» Supplied material:
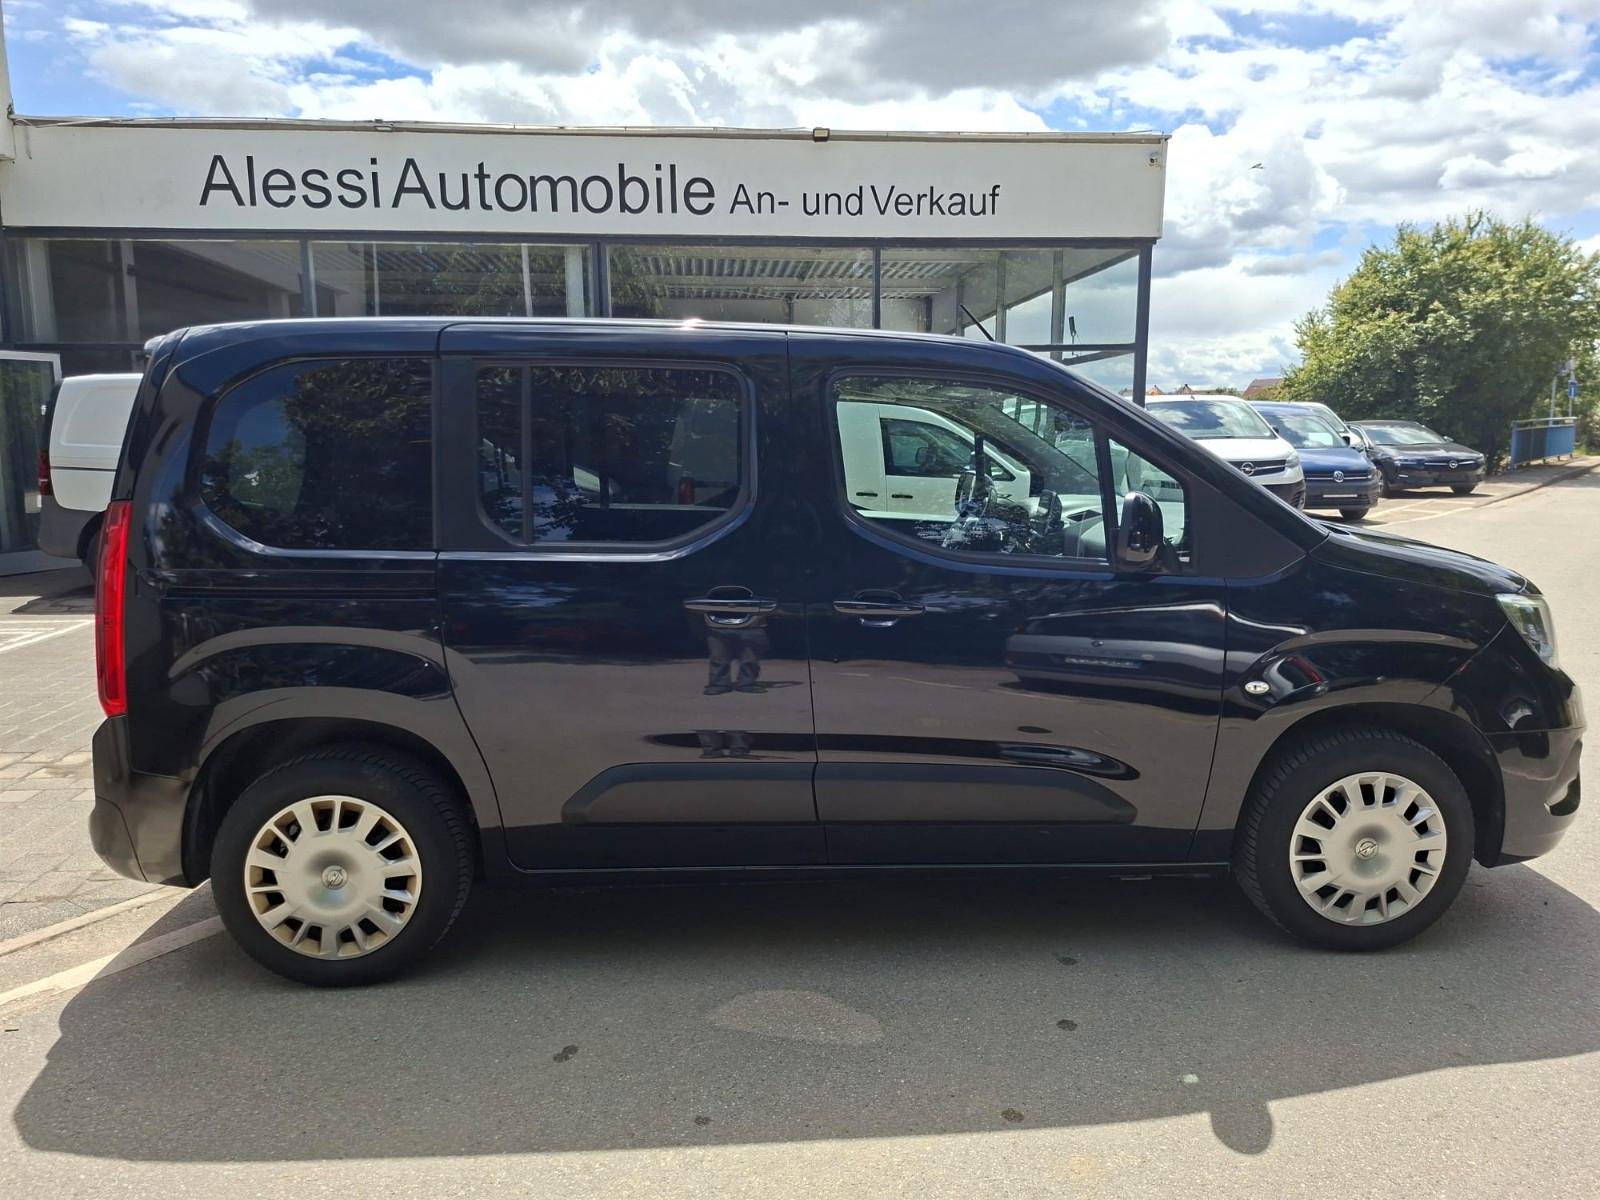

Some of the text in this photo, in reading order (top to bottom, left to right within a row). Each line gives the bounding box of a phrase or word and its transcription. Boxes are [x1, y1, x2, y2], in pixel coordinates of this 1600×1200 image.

[199, 154, 1001, 217] Alessi Automobile An- und Verkauf
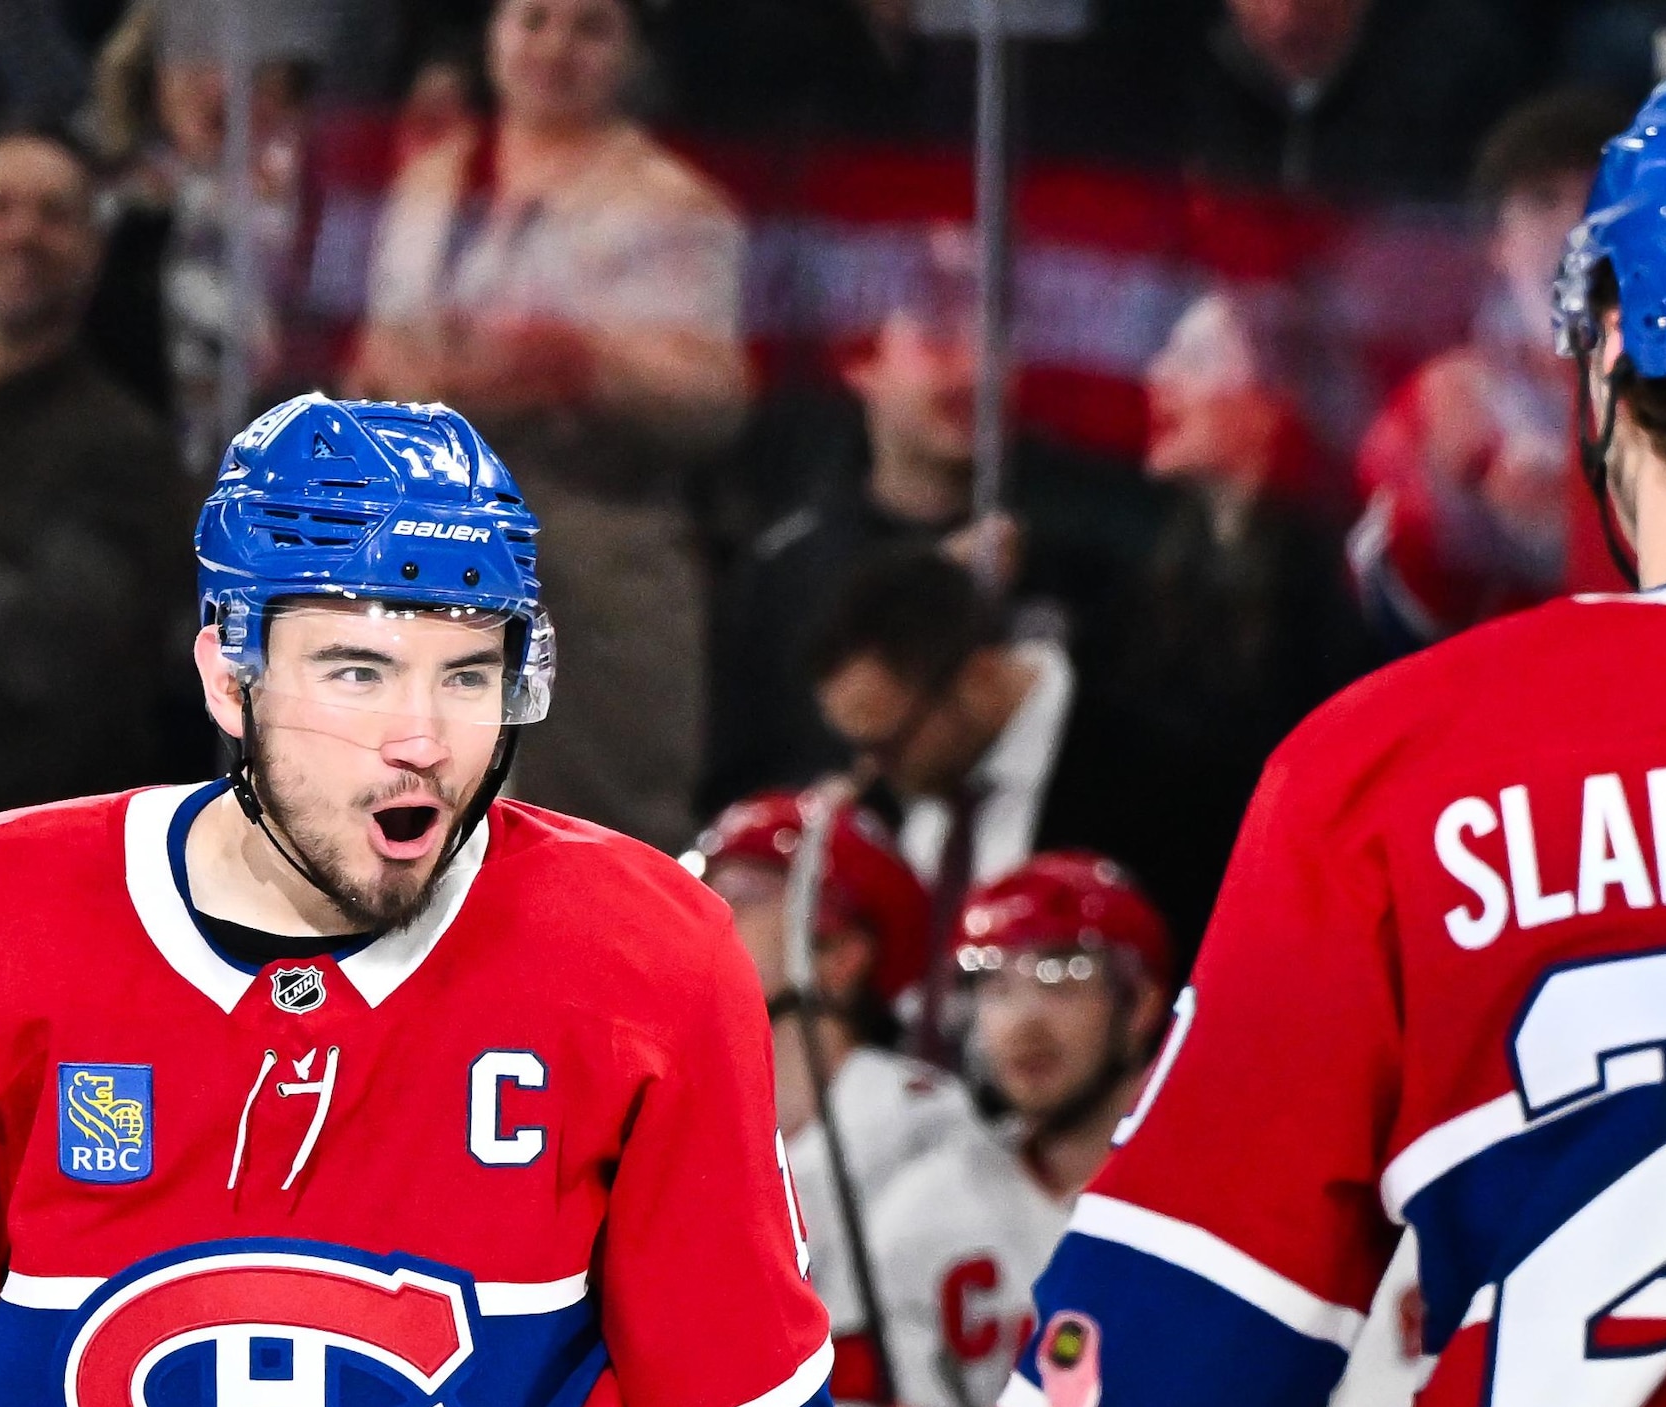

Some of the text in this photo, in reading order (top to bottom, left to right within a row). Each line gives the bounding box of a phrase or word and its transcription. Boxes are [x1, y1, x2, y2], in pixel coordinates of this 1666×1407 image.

[398, 445, 471, 487] 14
[283, 973, 315, 1004] LNH
[466, 1048, 548, 1168] C
[70, 1145, 141, 1172] RBC
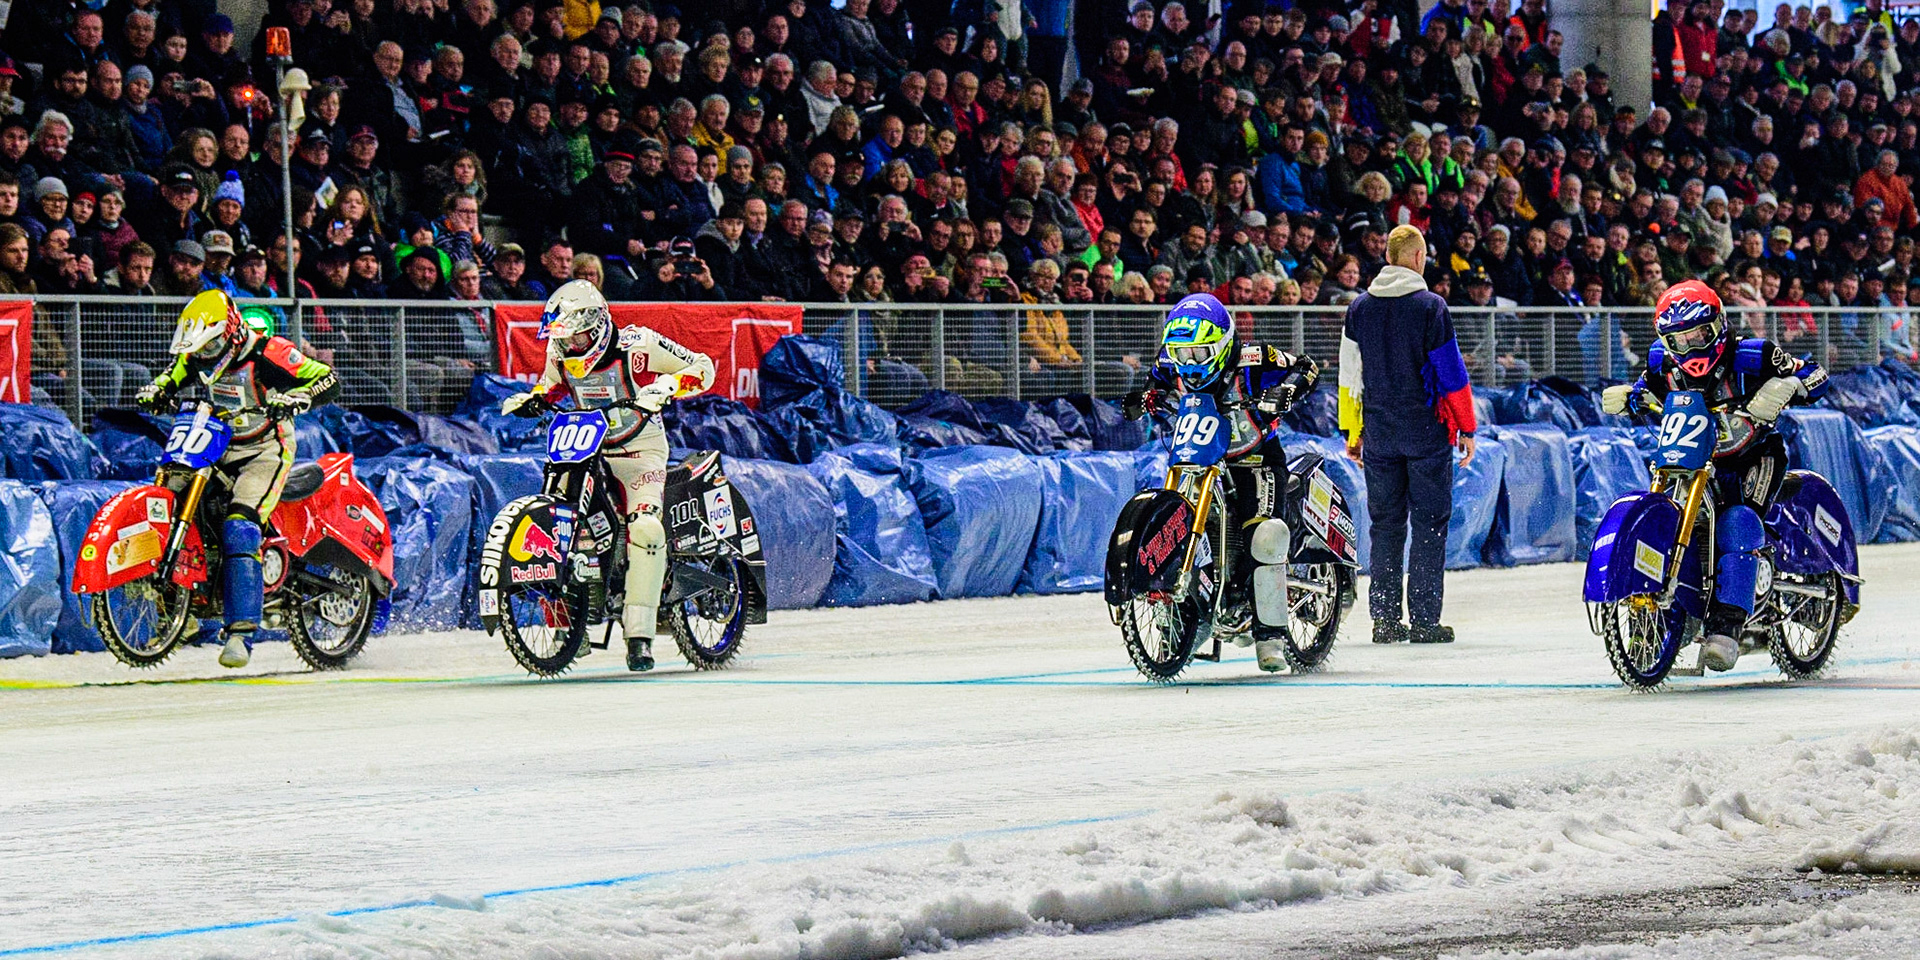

» What to do:
Please give the records again word for word, omitting all images.

» Response:
Some of the text in this photo, in reading order (top to bottom, left to right within a row). Each line gives the bounding box of a phrase or word and its transcription. Boxes are [x1, y1, x2, y2], in pixel coordinates of this 1600×1200 image.

[199, 154, 1001, 217] Alessi Automobile An- und Verkauf

Some of the text in this photo, in reading order (top to bottom, left to right within a row). Each line gives the bounding box of a phrase or word and its transcription. Boxes are [x1, y1, x2, y2], in pixel coordinates of this 1666×1407 image.

[398, 445, 471, 487] 14
[283, 973, 315, 1004] LNH
[466, 1048, 548, 1168] C
[70, 1145, 141, 1172] RBC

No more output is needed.